Received photos of a specialized Avalon Bitcoin processor chip

    2 months ago, I wrote that the first customers began to receive specialized computers for mining / supporting the Bitcoin network - Avalon. I immediately wrote to Avalon’s developer, Yifu Guo, and he agreed to send me some chips to open. However, the package was mired in the abyss of Russia’s slopost.

    Fortunately, needbmw contacted me - it turned out that Avalon came to him with one damaged chip, they unsoldered it and gave it to me bypassing the mail. Now we can finally take a peek at the insides of the processor. This will be especially interesting to many who want to develop their Avalon with blackjack and mow millions.

    Photo

    The damaged chip itself: (fortunately, the brain of the crystal is not affected).
    This baby counts 282 Mhash / s (like an AMD 6970 graphics card), consuming ~ 2.5 watts.


    It is known from open sources that the chip was manufactured at the TSMC factory using the 110nm manufacturing process, 5 layers of metallization.

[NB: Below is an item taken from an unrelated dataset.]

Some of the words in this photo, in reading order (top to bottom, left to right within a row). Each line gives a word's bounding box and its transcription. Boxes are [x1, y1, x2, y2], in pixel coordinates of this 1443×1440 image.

What is noteworthy, the contact pads on the chip are much larger than the findings on the chip. Most of them are power / ground, respectively, one leg is connected to several pads on the chip.

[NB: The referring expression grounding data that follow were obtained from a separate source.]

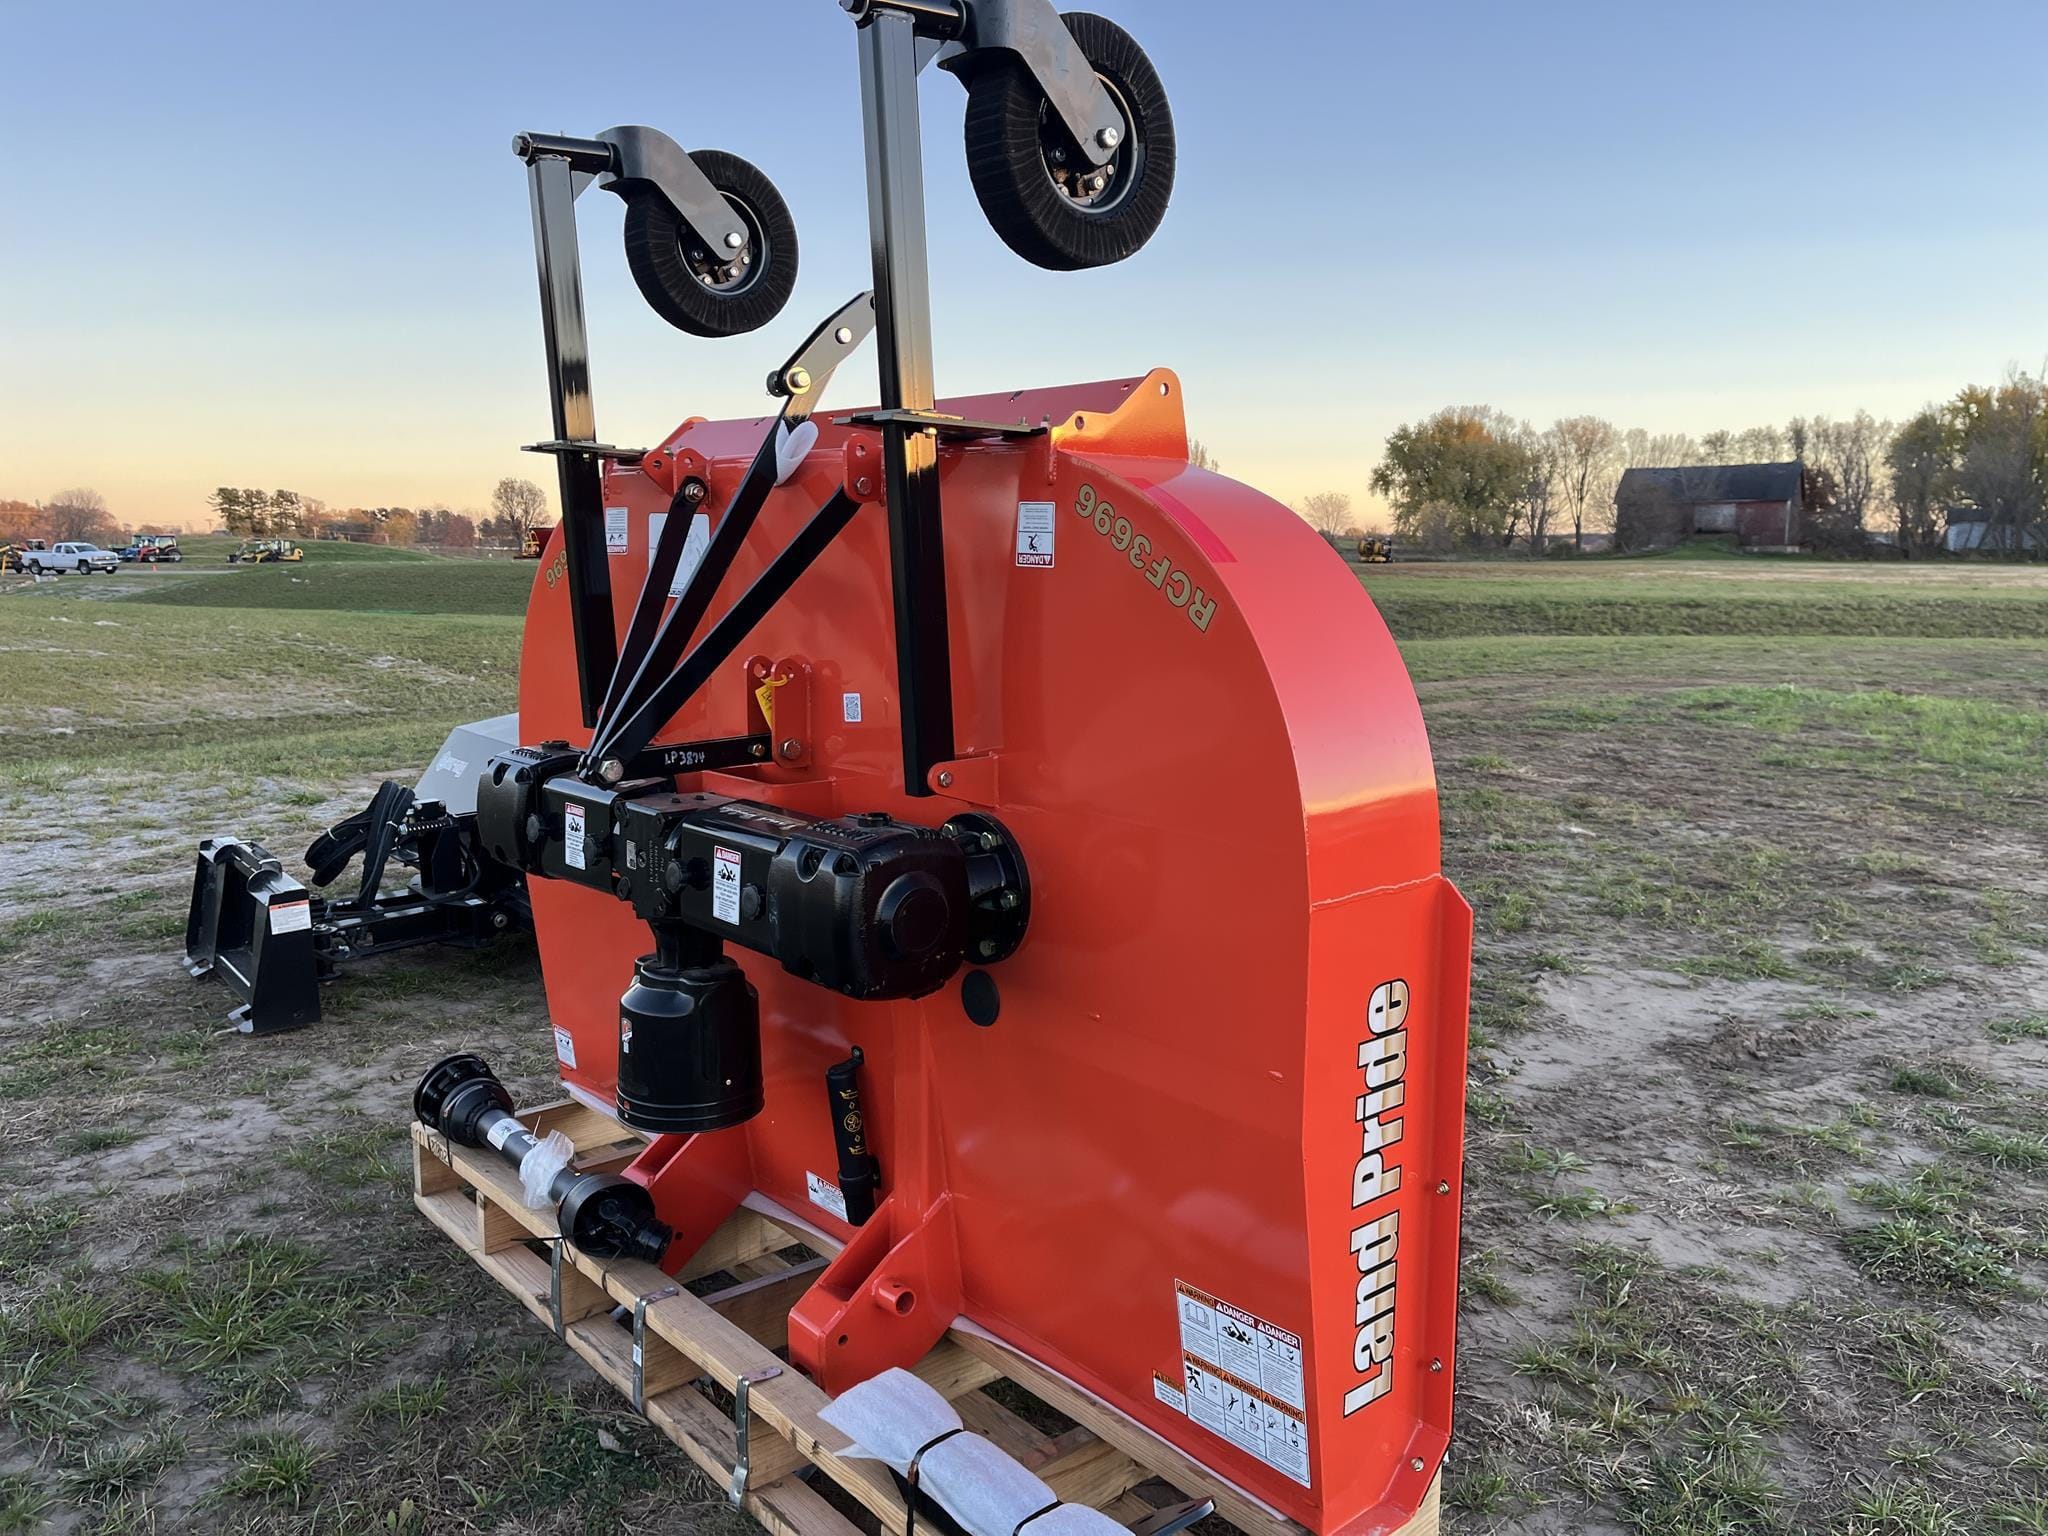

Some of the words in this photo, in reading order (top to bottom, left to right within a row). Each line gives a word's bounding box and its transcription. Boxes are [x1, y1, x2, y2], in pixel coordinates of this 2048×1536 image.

[1018, 554, 1044, 565] DANGER
[1074, 483, 1218, 633] RCF3696
[1351, 978, 1411, 1209] Pride
[1185, 1286, 1215, 1307] WARNING
[1223, 1305, 1255, 1327] DANGER
[1343, 1207, 1400, 1419] Land
[1265, 1324, 1298, 1347] DANGER
[1192, 1356, 1222, 1378] WARNING
[1230, 1376, 1261, 1398] WARNING
[1271, 1399, 1303, 1420] WARNING

    The crystal size is 4.06 * 4.12 mm.

    From above - we see only the power / ground distribution network, the whole "stuffing" is hidden under metal connections.



    If you bleed metallization - it is clear that Avalon is a huge monolithic piece of logic, no memory blocks, registers ... This is not a processor in the usual sense of the word. The box on the left side of the circuit is probably PLL (external clock frequency multiplier) and auxiliary logic. But the most interesting thing can be seen if you look at the microcircuit under the maximum magnification (even though all the details are not visible): If we compare with the microcircuit manufactured using technology 180nm based on the library of standard cells, scaled up to 61%, we see that Avalon's logic is much, much denser:











    Summary

    Avalon is real (not to be confused with ButterflyLabs, which have been feeding everyone breakfast for more than a year).

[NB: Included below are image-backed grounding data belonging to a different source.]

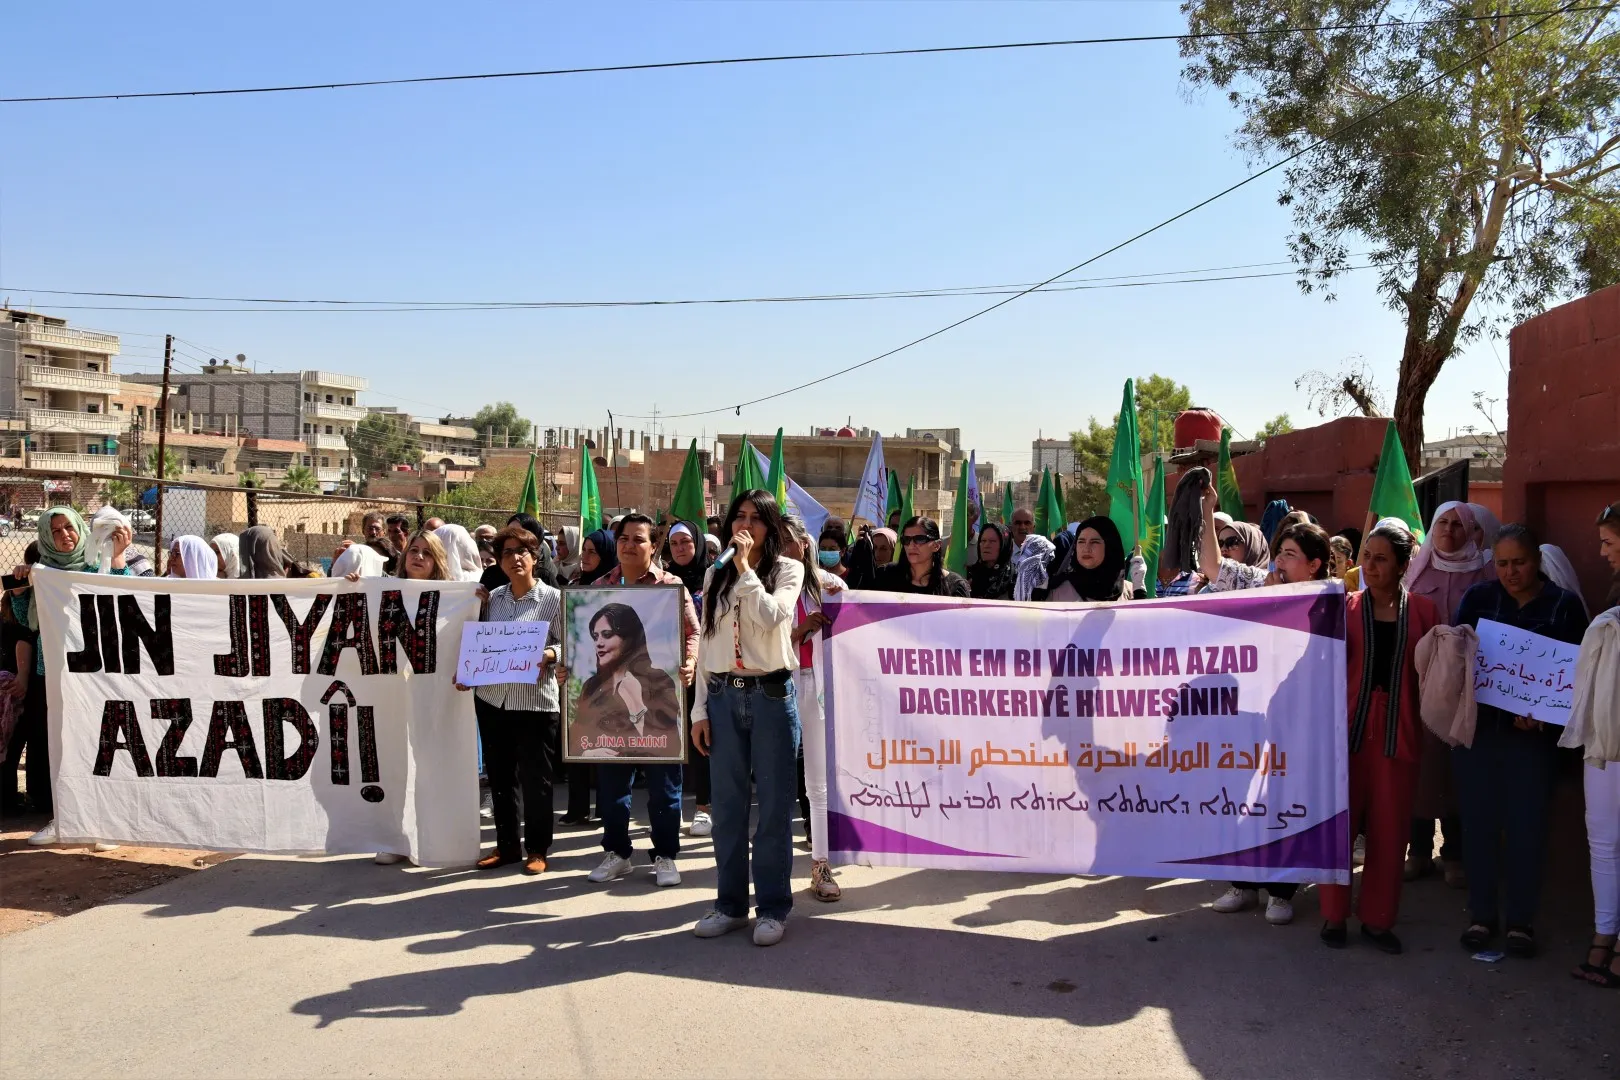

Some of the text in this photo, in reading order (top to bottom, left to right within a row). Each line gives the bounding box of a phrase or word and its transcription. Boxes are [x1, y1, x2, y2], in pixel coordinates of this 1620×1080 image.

[67, 589, 440, 677] JIN JIYAN
[475, 624, 497, 643] العالم
[1499, 633, 1533, 654] ثورة
[877, 642, 1259, 677] WERIN EM BI VÎNA JINA AZAD
[1472, 670, 1494, 691] المرأ
[898, 684, 1070, 718] DAGIRKERIYÊ
[1076, 682, 1239, 722] HILWEŞÎNIN
[93, 679, 385, 803] AZADÎ!
[866, 735, 1287, 777] بإرادة المرأة الحرة سنحطم الإحتلال

    Despite the fact that Yifu Guo assures everyone that everything has been done in a hurry - the density of logic hints that at least some elements or blocks were drawn by hand.

    So, if someone is thinking of taking the finished Verilog description of the open source Bitcoin FPGA reader, and synthesizing their Avalon automatically, it’s not so easy to create a competitive product, and the automatically synthesized version on the same process will be 2-4 times slower (at the same power consumption).